From structured to unfettered
Where’s all this Game of Life business coming from? Well, I just retired a couple of months ago after 45 happy, fulfilling years of service as a registered nurse, a profession I absolutely loved, and where there was a fair bit of predetermination about what type of moves I was going to be playing every day. The skeleton plan for my shift each workday was already determined and just waiting for me to flesh out with the tasks, challenges, and accomplishments the hours ahead asked of me. No two days
the same, totally stimulating, infinitely rewarding work I was passionate about (oh how I miss it!), with only the basic form and function of each day known to me.
Now, as I look out over the multi-hued, unfettered horizon at the – hopefully – 30 years sprawled out before me, it feels like I can truly become the architect of my own dreams, with most of the responsibilities and restrictions of past life phases (children, education, career) no longer up for consideration, no longer in the mix.
Frisky and champing at the bit?
Which leads to NOW WHAT THE HECK HAPPENS? What defines us and makes us whole changes over the decades. What made us frisky and champing at the bit at 20 is likely not going to get as much of a rise out of us at 60 or 70. I believe that figuring out what excites us now is the key, rather than settling into complacency.

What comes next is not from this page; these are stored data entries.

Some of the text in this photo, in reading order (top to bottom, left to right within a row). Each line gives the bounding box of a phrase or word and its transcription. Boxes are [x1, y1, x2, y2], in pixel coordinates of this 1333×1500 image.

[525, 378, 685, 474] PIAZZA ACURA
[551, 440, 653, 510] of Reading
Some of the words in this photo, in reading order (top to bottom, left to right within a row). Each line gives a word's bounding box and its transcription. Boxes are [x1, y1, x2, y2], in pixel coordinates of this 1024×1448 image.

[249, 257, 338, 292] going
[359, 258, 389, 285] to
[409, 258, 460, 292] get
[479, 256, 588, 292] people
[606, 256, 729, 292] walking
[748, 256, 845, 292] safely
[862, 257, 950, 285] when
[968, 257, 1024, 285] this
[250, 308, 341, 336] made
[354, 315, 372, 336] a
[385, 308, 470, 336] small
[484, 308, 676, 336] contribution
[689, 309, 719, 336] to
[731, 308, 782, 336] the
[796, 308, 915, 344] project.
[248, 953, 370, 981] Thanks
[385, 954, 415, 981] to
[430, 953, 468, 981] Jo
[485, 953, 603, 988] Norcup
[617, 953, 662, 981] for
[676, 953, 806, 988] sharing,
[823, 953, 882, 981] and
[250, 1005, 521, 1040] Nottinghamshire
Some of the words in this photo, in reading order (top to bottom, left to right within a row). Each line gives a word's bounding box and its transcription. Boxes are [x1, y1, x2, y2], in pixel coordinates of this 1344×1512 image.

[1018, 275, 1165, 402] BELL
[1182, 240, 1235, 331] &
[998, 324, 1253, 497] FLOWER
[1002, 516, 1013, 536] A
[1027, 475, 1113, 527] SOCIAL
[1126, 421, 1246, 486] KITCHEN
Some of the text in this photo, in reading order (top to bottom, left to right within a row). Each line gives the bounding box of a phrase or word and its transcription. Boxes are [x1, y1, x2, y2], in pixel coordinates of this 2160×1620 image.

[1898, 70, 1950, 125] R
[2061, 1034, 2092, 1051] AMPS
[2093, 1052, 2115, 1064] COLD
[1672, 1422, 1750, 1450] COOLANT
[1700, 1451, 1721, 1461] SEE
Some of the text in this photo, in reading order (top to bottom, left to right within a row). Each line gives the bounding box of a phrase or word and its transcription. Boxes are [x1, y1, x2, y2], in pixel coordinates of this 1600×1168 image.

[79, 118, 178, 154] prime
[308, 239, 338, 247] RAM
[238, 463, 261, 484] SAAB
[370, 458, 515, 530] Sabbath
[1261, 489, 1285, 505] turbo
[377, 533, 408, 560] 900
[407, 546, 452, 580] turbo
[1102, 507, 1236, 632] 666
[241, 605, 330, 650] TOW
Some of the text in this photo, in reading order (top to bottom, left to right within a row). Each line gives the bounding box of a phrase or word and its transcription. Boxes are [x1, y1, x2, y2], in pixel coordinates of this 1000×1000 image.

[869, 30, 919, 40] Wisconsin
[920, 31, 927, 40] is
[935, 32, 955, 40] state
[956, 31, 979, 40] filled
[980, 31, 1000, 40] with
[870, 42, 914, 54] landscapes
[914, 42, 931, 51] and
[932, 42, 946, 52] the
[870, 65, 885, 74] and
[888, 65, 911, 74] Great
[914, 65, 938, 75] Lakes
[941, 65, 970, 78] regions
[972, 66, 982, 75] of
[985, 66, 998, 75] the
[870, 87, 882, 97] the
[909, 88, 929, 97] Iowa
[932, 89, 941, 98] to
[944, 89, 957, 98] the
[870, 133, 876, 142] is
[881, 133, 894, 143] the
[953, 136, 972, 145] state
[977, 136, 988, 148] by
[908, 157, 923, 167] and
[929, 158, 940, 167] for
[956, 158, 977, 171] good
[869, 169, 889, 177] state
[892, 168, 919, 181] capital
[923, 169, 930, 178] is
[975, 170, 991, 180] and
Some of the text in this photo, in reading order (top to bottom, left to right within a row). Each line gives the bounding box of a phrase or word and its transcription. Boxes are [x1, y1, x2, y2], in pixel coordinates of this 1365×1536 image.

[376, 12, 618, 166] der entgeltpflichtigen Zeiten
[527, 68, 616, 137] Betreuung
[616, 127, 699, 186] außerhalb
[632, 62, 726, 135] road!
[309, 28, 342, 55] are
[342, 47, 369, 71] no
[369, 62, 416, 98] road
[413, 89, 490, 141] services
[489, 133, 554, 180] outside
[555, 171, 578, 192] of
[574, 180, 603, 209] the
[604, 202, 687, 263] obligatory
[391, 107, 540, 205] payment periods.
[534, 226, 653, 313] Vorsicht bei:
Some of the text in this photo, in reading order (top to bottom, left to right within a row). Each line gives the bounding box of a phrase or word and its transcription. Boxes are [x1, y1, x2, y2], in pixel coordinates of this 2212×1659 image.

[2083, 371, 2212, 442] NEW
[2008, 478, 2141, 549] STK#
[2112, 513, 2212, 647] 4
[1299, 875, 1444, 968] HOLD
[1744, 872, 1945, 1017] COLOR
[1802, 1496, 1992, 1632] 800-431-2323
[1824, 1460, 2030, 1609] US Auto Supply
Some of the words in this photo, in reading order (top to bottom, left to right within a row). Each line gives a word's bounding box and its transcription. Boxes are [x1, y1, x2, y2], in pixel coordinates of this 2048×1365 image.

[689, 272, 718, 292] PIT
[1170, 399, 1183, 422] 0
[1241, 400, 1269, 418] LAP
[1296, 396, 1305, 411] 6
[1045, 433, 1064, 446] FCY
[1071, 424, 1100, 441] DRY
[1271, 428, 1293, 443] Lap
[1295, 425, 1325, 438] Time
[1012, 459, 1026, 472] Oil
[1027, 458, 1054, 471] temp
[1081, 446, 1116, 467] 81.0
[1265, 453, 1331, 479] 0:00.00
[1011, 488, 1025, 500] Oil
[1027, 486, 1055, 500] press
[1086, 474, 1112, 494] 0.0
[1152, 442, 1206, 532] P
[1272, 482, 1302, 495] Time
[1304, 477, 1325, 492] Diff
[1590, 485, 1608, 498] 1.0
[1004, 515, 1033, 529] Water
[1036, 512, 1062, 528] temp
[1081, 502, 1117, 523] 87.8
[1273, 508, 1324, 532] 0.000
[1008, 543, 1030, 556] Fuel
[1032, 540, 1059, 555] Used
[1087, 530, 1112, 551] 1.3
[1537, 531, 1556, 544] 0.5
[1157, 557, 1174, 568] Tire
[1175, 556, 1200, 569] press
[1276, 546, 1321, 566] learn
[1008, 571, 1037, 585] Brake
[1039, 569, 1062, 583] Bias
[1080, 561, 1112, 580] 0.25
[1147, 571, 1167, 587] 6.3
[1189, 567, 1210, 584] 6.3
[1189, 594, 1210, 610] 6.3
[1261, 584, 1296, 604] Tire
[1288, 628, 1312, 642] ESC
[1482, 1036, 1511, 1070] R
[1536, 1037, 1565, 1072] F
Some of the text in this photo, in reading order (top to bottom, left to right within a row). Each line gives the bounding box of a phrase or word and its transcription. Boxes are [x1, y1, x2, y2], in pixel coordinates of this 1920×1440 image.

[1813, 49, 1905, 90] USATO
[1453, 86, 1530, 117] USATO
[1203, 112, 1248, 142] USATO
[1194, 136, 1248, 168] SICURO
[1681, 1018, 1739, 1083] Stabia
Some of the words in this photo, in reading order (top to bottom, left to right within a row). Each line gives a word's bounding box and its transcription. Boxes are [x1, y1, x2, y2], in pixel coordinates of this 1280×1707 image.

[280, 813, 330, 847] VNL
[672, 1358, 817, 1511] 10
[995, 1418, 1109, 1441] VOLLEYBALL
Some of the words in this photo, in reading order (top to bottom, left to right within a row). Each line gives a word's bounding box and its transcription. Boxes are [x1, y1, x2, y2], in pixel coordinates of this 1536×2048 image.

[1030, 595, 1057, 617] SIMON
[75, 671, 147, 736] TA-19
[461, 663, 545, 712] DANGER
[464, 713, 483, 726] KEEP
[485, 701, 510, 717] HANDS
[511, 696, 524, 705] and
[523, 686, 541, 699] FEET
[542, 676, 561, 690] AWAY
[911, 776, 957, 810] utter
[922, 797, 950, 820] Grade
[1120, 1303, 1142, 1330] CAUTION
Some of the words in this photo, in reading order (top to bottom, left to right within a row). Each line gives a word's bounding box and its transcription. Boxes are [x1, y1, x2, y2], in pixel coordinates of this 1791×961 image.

I think one of the biggest mistakes I could make, as a retiree, would be to believe that I have done everything I meant to and, after all the years of service I devoted to society, well, now the world just kind of…owes me. Like maybe that five-minute wait for a table at a restaurant is unacceptable, or shouldn’t all those kids shrieking with glee outside in the neighbourhood playground be using their ‘inside voices.’ For me, that sense of entitlement, just because we are older (not that we haven’t earned respect for our age and wisdom, since we have absolutely put in our time), just doesn’t mesh with being the visionary architect of my retirement years – unless I want to envision myself as a Cranky McCrankster, with all fleeing from my path. Growing older with grace is not for the faint of heart!
My little notebook
When I was younger, I often felt too stressed, yanked in a whole bunch of directions, allowing myself no time to dream. The dreams come easily now. I’ve devoted a little notebook to them. I keep it in full view on my kitchen counter, waiting on standby to register and store those dreams anytime I conjure up a new idea, wish, curiosity, or challenge to possibly try out in my retirement years. Possibility is such a great word; it’s the free pass I believe will buoy anything that is written in that notebook, until that idea is launched on its journey. If it is written down, it juuuust may happen!
Winds of freedom
What I’ve been able to figure out so far, since retiring, is to breathe. Let things land, notice what is working and not working about how I live each day. Then choose to do something different – if I want to. That’s the truly wonderful thing about retirement: with the restrictions of work schedules removed, our choices are pretty much 100% ours (budgets permitting). And I get to change my mind anytime – just like those winds Dylan mentions, which are free to suddenly shift and change their direction. It’s such a heady feeling to now have the choice to ride those winds of freedom through the years ahead. Yup, a weatherman won’t be able to tell me what directions those winds will be blowing, but I CAN’T wait to see where I will allow them to take me. I could just be in for the ride of my Game of Life…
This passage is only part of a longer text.